Mrs C had a number of concerns about the nursing care provided to Mrs A, in particular about the communication from nursing staff, that Mrs A’s care needs and preferences were not taken into consideration, that adequate pain relief was not provided to Mrs A, that steps were not taken to prevent her from having another fall and that the action taken by nursing staff following her second fall was not appropriate. We took independent advice from a nursing adviser. We did not find evidence that the communication from nursing staff was unreasonable. We found that the nursing care regarding pain relief, falls prevention, and the action following Mrs A’s second fall was reasonable. However, we found that the board failed to document Mrs A’s care needs and preferences in her assessment and care plan documentation as well as follow the instructions in Mrs A’s “Getting to Know You” document. Therefore, we upheld Mrs C’s complaint. We noted that the board had already acknowledged and apologised that there was a failure to follow the instructions in Mrs A’s “Getting to Know Me” document.

Recommendations

What we asked the organisation to do in this case:

  • Apologise to Mrs C for the failure to consider the cause of Mrs A's fall, that Mrs A was not seen by a geriatrician, the delay in ordering and performing the scan, the delay in stopping the clopidogrel medication, the failure to follow the instructions in Mrs A's “Getting to Know Me” document and the failure to record Mrs A's care needs and preferences. The apology should meet the standard set out in the SPSO guidelines on apology available at www.spso.org.uk/leaflets-and-guidance.
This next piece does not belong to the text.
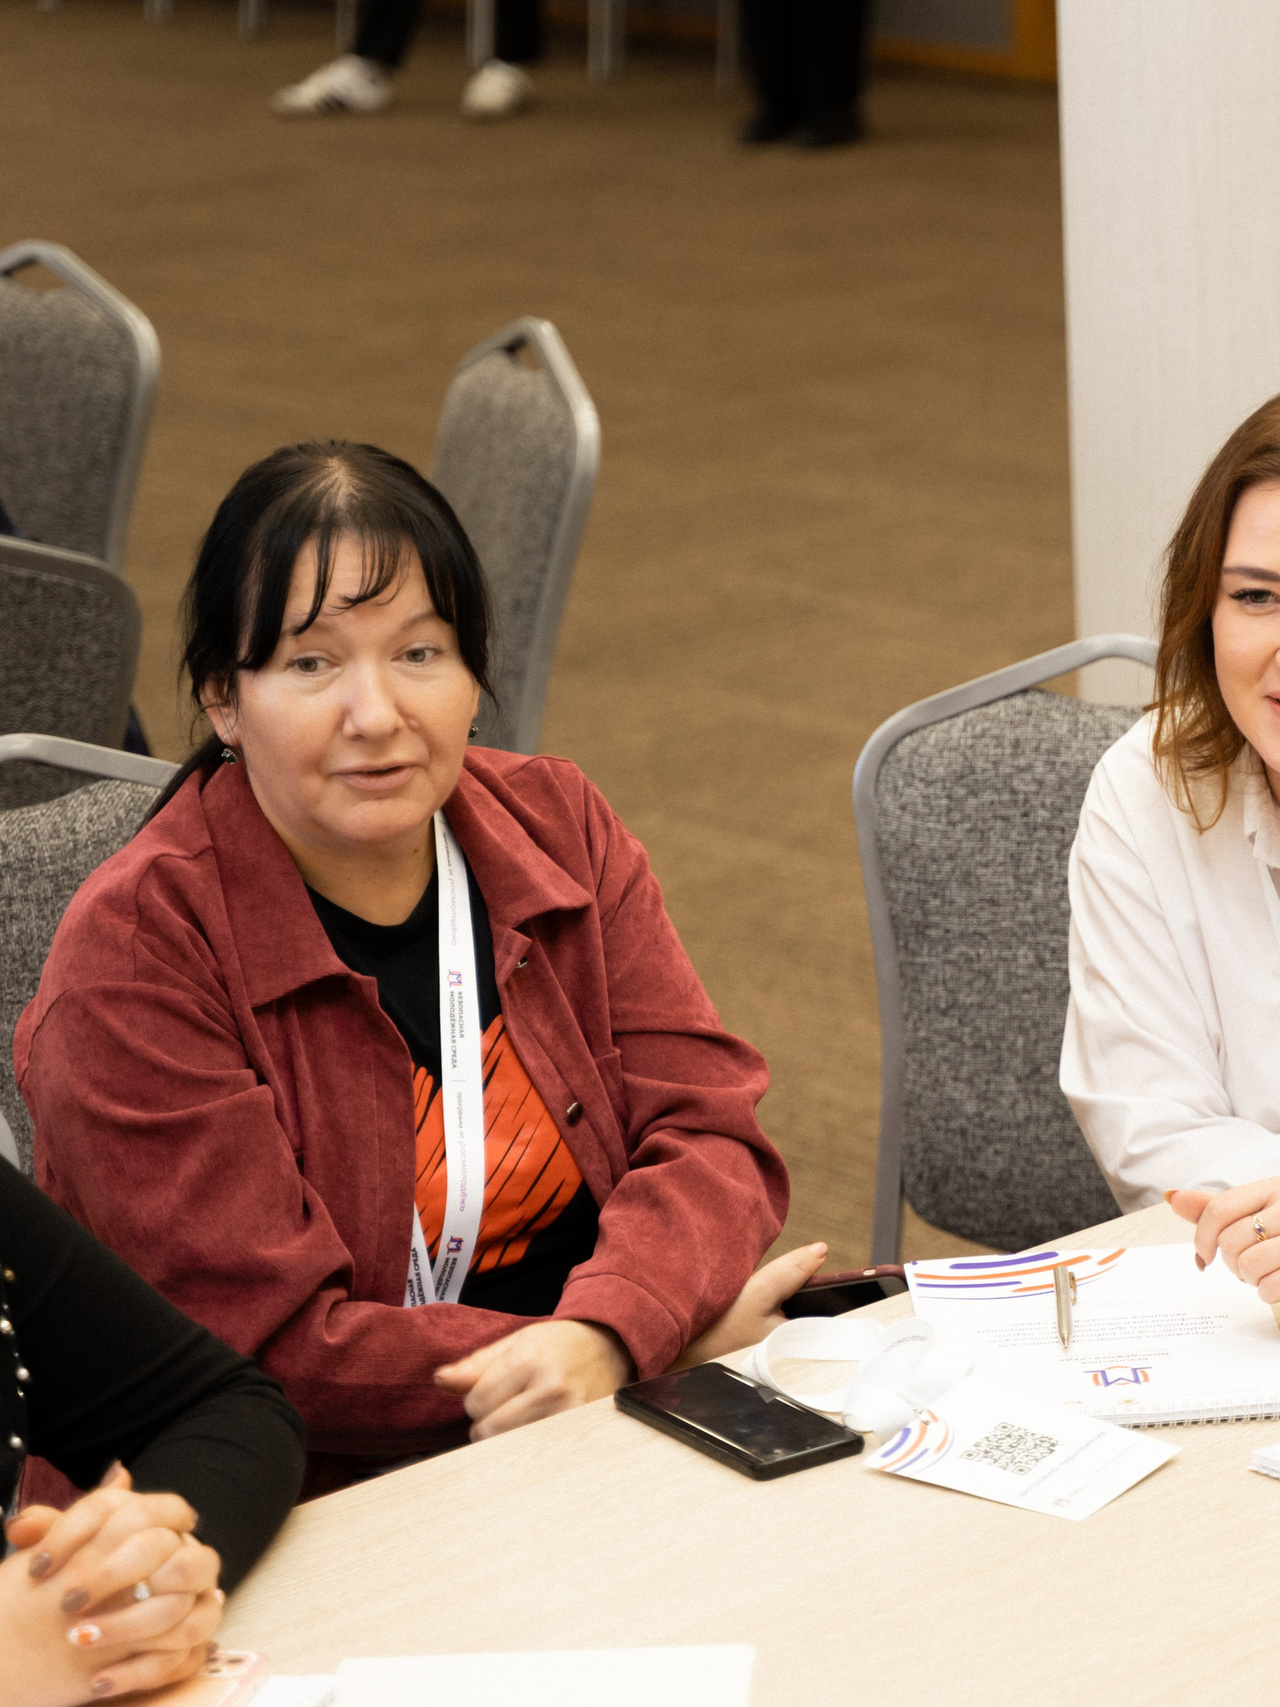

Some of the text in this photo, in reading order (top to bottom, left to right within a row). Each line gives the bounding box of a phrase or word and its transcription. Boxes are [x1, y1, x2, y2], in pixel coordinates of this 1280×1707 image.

What we said should change to put things right in future:

  • Where a treatment dose of dalteparin is prescribed, appropriate adjustments should be made to any other medication prescribed to the patient. Patients should receive appropriate scans in a timely manner when DVT is suspected. Where patients have fallen and are unable to give an account of the reason for their fall, medical staff should carry out appropriate checks to try and determine the cause of the fall. All patients over the age of 65 presenting with a fragility fracture should have routine access to acute orthogeriatric medical support (orthopaedic care for elderly patients) in line with national guidance.
  • Nursing assessments and care plan documentation should clearly document the care needs and preferences of patients.

In relation to complaints handling, we recommended:

  • The board's complaints handling system should ensure that failings (and good practice) are identified, and enable learning from complaints to inform service development and improvement.

We have asked the organisation to provide us with evidence that they have implemented the recommendations we have made on this case by the deadline we set.